The psychology of trading and human nature in general is based on emotional factors.
Pride, greed, hope, anger, sadness and ego are all factors that affect the market place as much as they do our normal lives.
Even if some investors are completely risk adverse and others are risk tolerant — these factors all have a substantial impact on the decision making process you adopt.
If you wrote down all the goals you seek to achieve in your trading strategy, you would find that the majority relate in some way to making a profit.
Is this a bad thing?
It could be argued that either side of this argument will present differing strengths and weaknesses.
The most significant factor to realize is that you are not the only person motivated by profit.
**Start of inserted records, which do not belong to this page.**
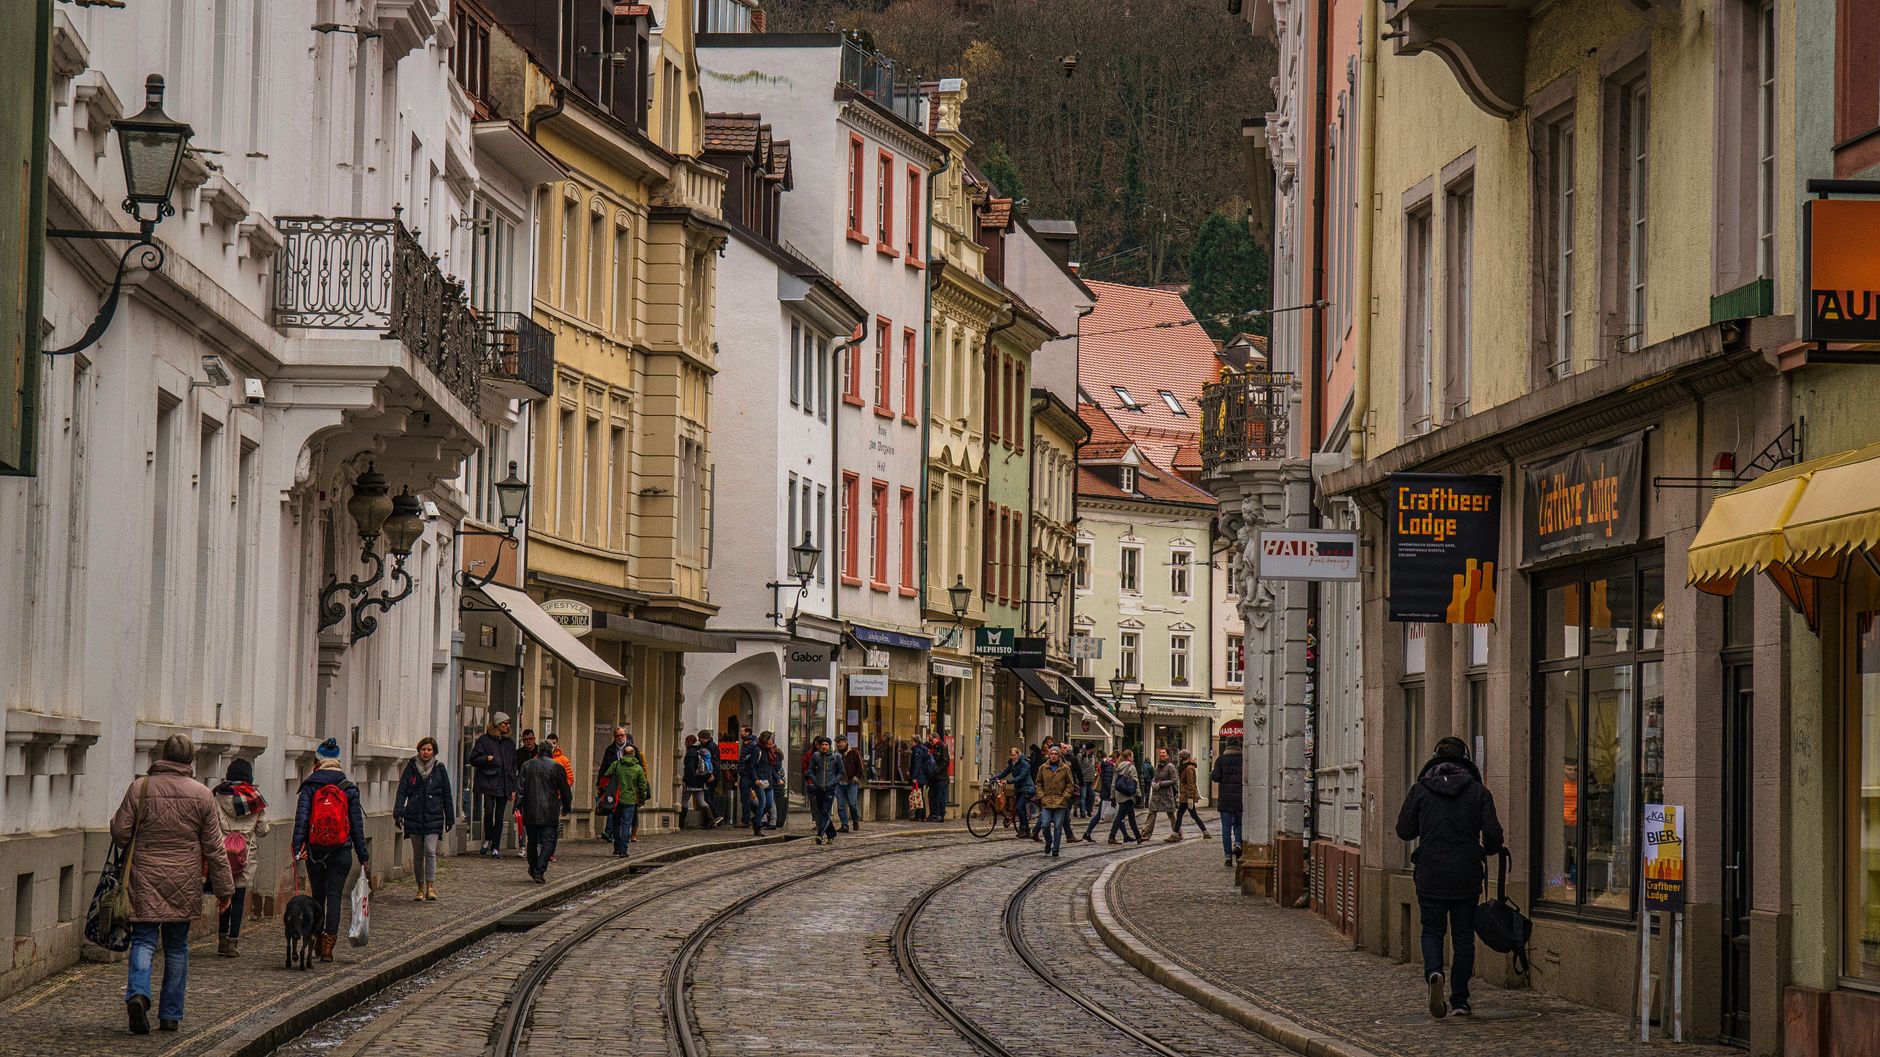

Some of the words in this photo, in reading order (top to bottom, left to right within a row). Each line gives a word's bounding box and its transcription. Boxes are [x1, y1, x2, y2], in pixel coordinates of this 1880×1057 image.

[1398, 487, 1492, 511] Craftbeer
[1398, 512, 1457, 541] Lodge
[1264, 540, 1319, 556] HAIR
[542, 602, 585, 612] LIFESTYLE
[976, 645, 1012, 654] MEPHISTO
[791, 651, 823, 662] Gabor
[721, 747, 737, 755] 50%
[1651, 810, 1675, 821] KALT
[1646, 829, 1674, 843] BIER
[1646, 881, 1681, 892] Craftbeer
[1646, 890, 1669, 902] Lodge
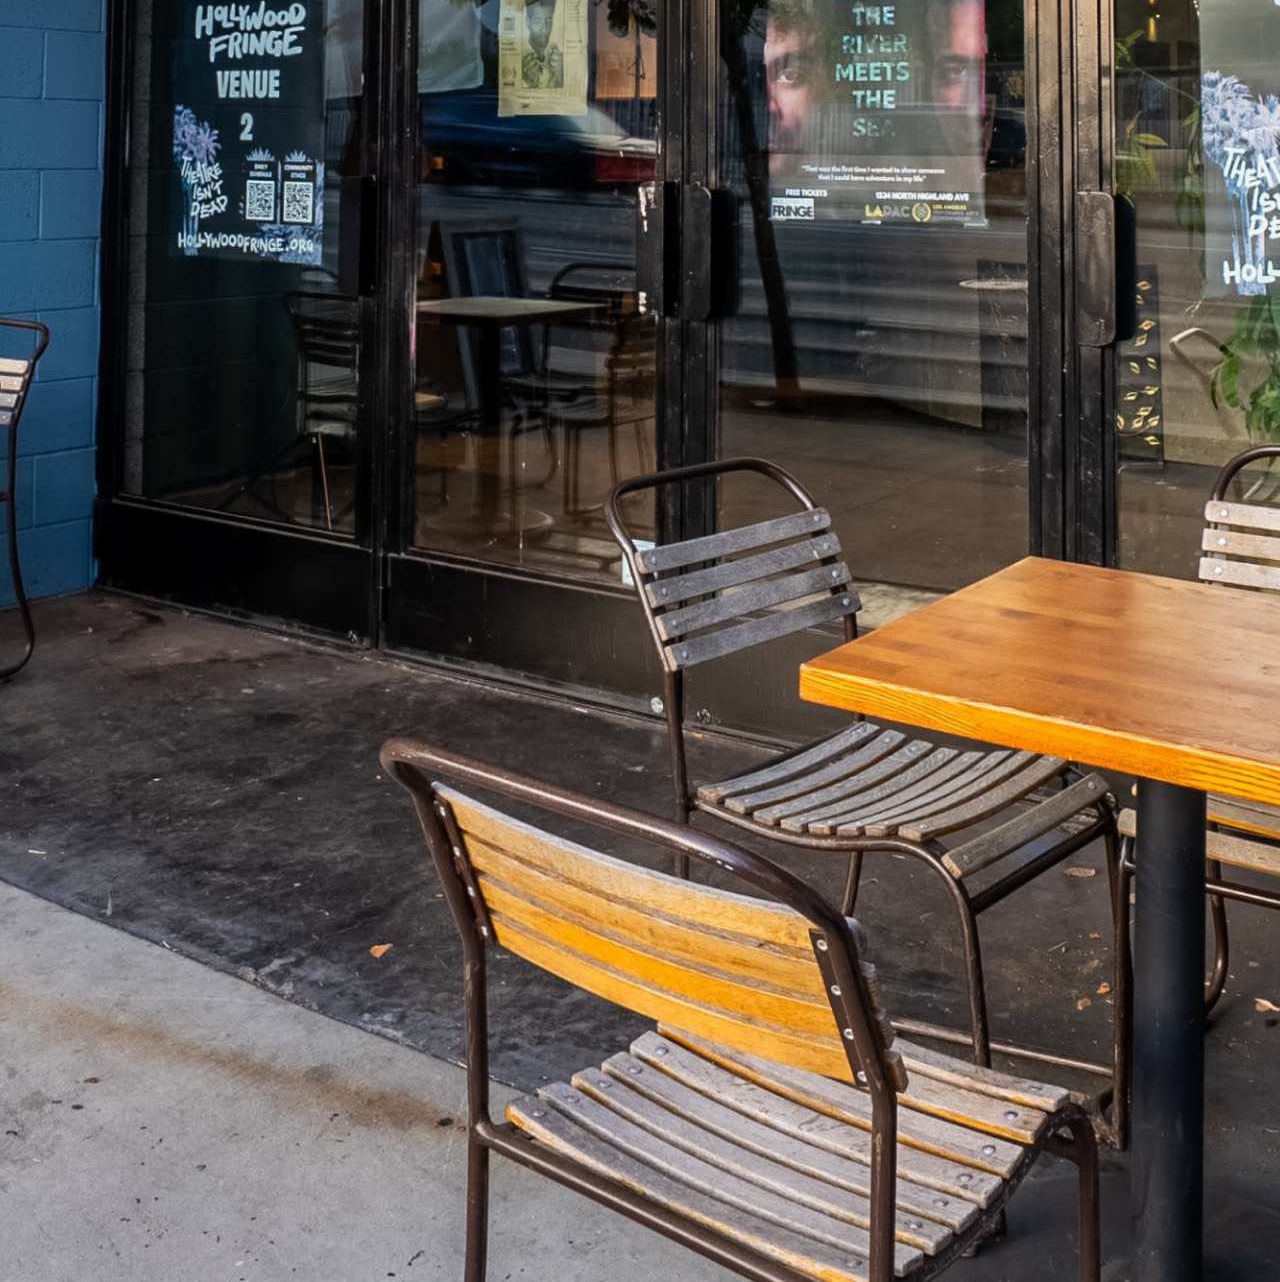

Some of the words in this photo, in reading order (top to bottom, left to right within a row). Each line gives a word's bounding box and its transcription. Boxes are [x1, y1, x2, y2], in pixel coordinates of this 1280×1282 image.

[195, 0, 306, 40] HOLLYWOOD
[852, 4, 896, 26] THE
[209, 26, 306, 63] FRINGE
[842, 33, 908, 54] RIVER
[835, 61, 910, 82] MEETS
[216, 69, 280, 99] VENUE
[852, 89, 896, 110] THE
[240, 112, 254, 141] 2
[852, 118, 896, 138] SEA
[181, 155, 222, 184] THEATRE
[192, 181, 223, 201] ISN'T
[785, 188, 800, 196] FREE
[801, 189, 828, 197] TICKETS
[892, 192, 916, 200] NORTH
[918, 192, 953, 201] HIGHLAND
[954, 193, 969, 201] AVE
[191, 196, 228, 220] DEAD
[772, 205, 813, 218] FRINGE
[177, 231, 314, 253] HOLLYWOODFRINGE.ORG
All traders tend to react in the same way each time they encounter a situation which is similar.
While it is true that some traders react positively from any mistakes made and learn from them, other participants decide to leave the market and therefore create a balancing pendulum of traders entering and leaving the market.
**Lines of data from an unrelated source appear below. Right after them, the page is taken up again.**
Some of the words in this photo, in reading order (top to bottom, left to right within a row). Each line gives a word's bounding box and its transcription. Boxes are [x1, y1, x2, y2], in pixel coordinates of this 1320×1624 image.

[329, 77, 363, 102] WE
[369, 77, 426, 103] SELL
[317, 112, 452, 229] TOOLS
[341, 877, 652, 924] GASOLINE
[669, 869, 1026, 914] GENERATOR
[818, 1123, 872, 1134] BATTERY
Consequently, the same oversights are made by each generation of traders in the market which infers that history tends to repeat itself as time moves forward.
Another important market factor to consider is that most people act like sheep when it comes to a trading situation — “once the flock begins to move, all the other sheep follow.”
So what? You ask …
How Does this Affect Me?
Quite simply, all our emotions tell us to follow what the majority of people are doing and as a result we are heavily influenced by market majority.
This idea of “majority rules” negatively affects trading interpretations because it adversely influences what degree we interpret both buyers? and sellers? nature in the market and how they are reacting to a situation.
This then persuades our judgments about future price directions and our independency of making market decisions.